When a person has reason to believe that he may be arrested on
the accusation of committing a non-bailable offence then he can
move to High Court or the Court of Session u/s 438 of CrPC for
anticipatory bail. There are certain factors which are considered
while granting anticipatory bail such as-
- Nature and gravity of accusation,
- The antecedents of the applicant including the fact as to
whether he has previously undergone imprisonment on conviction by a
court in respect of any cognizable offence, - The possibility of the applicant to flee from justice,
- Where the accusation has been made with the object of injuring
or humiliating the applicant by having him so arrested, either
reject the application forthwith or issue an interim order for the
grant of anticipatory bail.
When the court grants anticipatory bail, what it does is to make
an order that in the event of arrest, a person shall be released on
bail. Manifestly there is no question of release on bail unless a
person is arrested, and therefore, it is only on arrest that the
order granting anticipatory bail becomes operative1.
Issuance of a summon for appearance also entitles an accused to
apply for anticipatory bail2. It has also been held that
anticipatory bail cannot be granted to a person to do something
which is likely to be interpreted as commission of a crime even if
the offender intended it as something in exercise of his
rights3. The distinction between an ordinary bail and an
order of anticipatory bail is that whereas the former is granted
after arrest and, therefore, means release from the custody of the
police, the latter is granted in anticipation of arrest and is
there effective at the very moment of arrest4.
Conditions for Anticipatory Bail
The High Court or the Court of Sessions, while granting
anticipatory bail may impose conditions as mentioned u/s 438(2).
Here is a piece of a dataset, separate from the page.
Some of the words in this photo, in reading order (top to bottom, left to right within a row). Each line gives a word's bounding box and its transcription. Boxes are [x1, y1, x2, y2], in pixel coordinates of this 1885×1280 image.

The conditions mentioned in that sub-section are only illustrative
and the court may impose other conditions, it thinks fit, with a
view to strike a balance between the individuals rights to personal
freedom and the investigational rights of the police. The
conditions imposed while granting such bail are –
- The applicant has to make himself available for interrogation
by a police officer as directed by the court or as required by the
police officer. - The applicant should not leave the country without the previous
permissions of the court. - The applicant should submit local residential address, native
address and contact number to the concerned police station. - The applicant should not make any inducement, threat, promise
etc. to any person acquainted with the facts of the case.
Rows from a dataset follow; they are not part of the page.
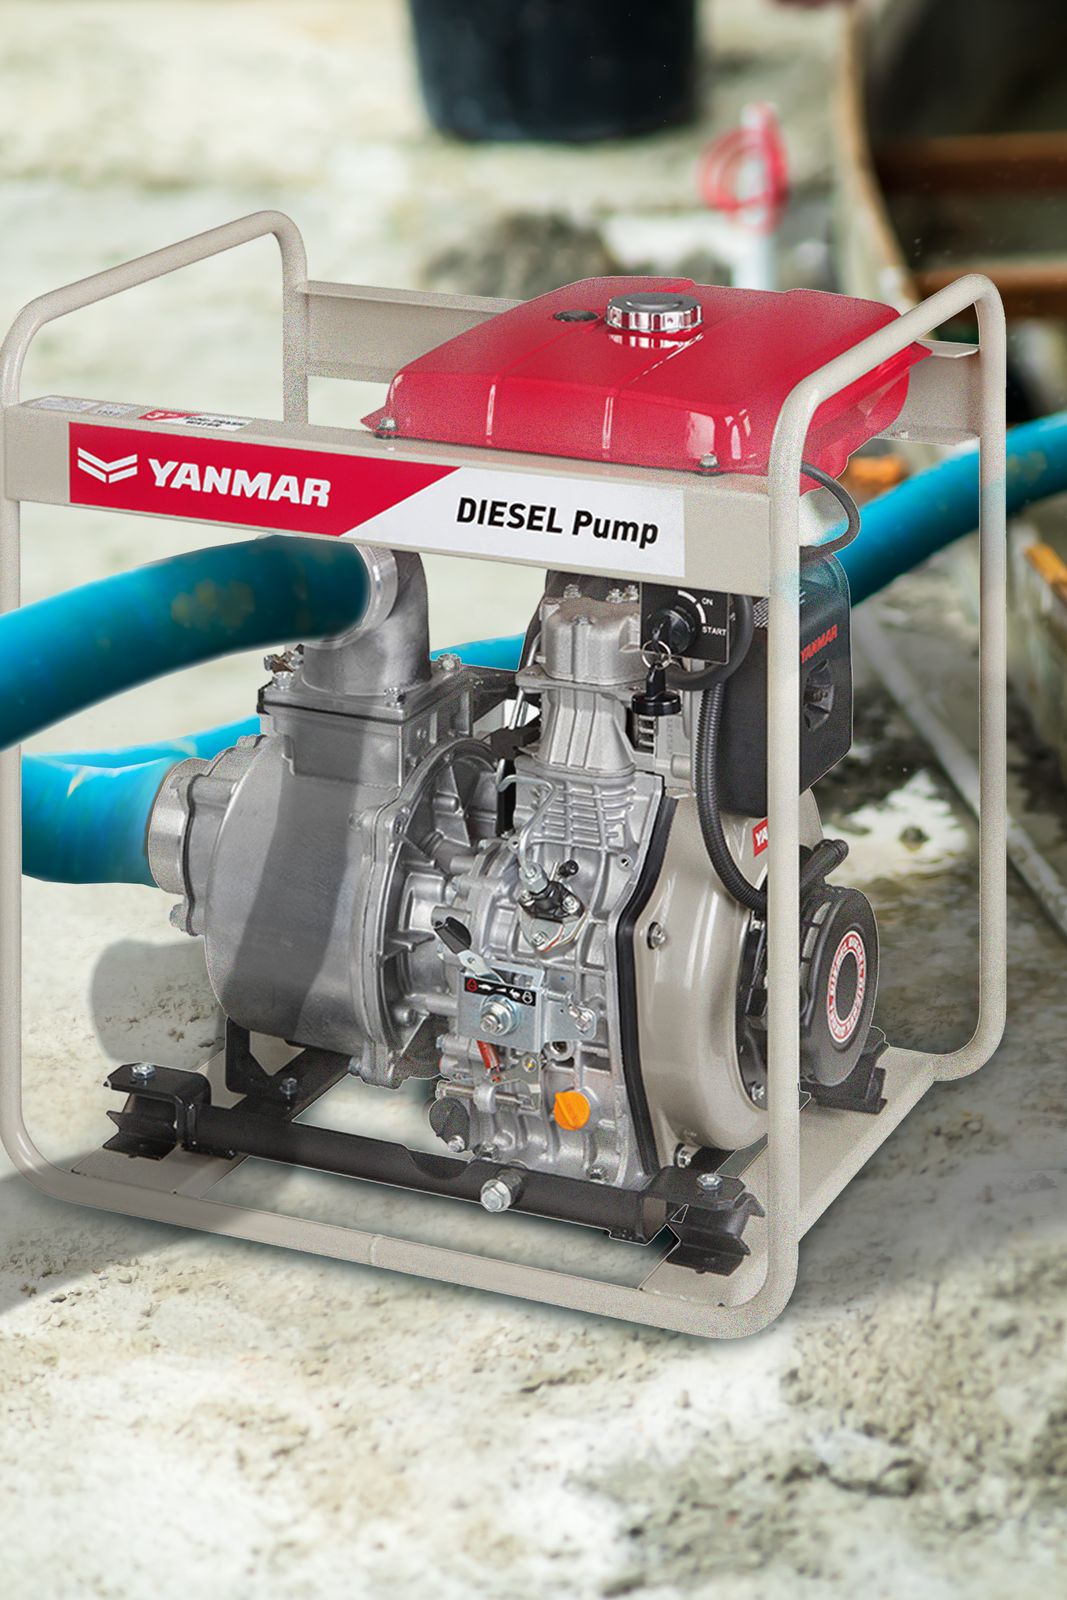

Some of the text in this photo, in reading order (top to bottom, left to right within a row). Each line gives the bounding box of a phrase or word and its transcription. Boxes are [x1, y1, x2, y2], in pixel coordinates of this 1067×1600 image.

[149, 458, 331, 507] YANMAR
[456, 497, 659, 549] DIESEL Pump
[701, 597, 714, 605] ON
[702, 626, 727, 636] START
[800, 624, 838, 665] YANMAR
The court granting anticipatory bail cannot impose the condition
that the direction to be released on bail will be applicable for a
specified number of days after arrest because the effect of such
order would be to disable the applicant from applying for regular
bail u/s 437 of CrPC immediately after arrest, before the period
mentioned in the order is over. Section 438 does not entitle the
court to override the provisions of Section 437 and to stay for a
certain period of time the right of the applicant to apply and to
obtain his release on bail5.
A direction issued u/s 438 of CrPC to the effect that the
applicant shall be released on bail ‘whenever arrested for
whichever offence whatsoever’, would amount to a ‘blanket
order’. Such a blanket order is not provided for u/s 438 of
CrPC. The Hon’ble Supreme Court of India in Gurbaksh
Singh Sibbia v. State of Punjab6 held that a
‘blanket order’ should not be passed and the court passing
order of anticipatory bail should take care to specify the offence
or offences in respect of which the order will be effective.
Recent Developments
The courts granting anticipatory bail had a conflicting view
regarding the issue as to whether anticipatory bail can be granted
for a fixed duration of time, this controversy was later settled by
the constitutional bench of the Hon’ble Supreme Court of India
in Sushila Aggarwal & Ors. Vs. State (NCT of
Delhi)7 where it was held that the protection
granted to a person u/s 438 CrPC should not be limited to a fixed
period unless a special case is made out. The Hon’ble Court
further expounded that “The life or duration of an
anticipatory bail order does not end normally at the time and stage
when the accused is summoned by the court, or when charges are
framed, but can continue till the end of the trial.“
Recently, a 3-judge bench of the Hon’ble Supreme Court of
India in Rahna Jalal v. State of Kerala8 held
that there is no bar on granting anticipatory bail for an offence
committed under the Muslim Women (Protection of Rights on Marriage)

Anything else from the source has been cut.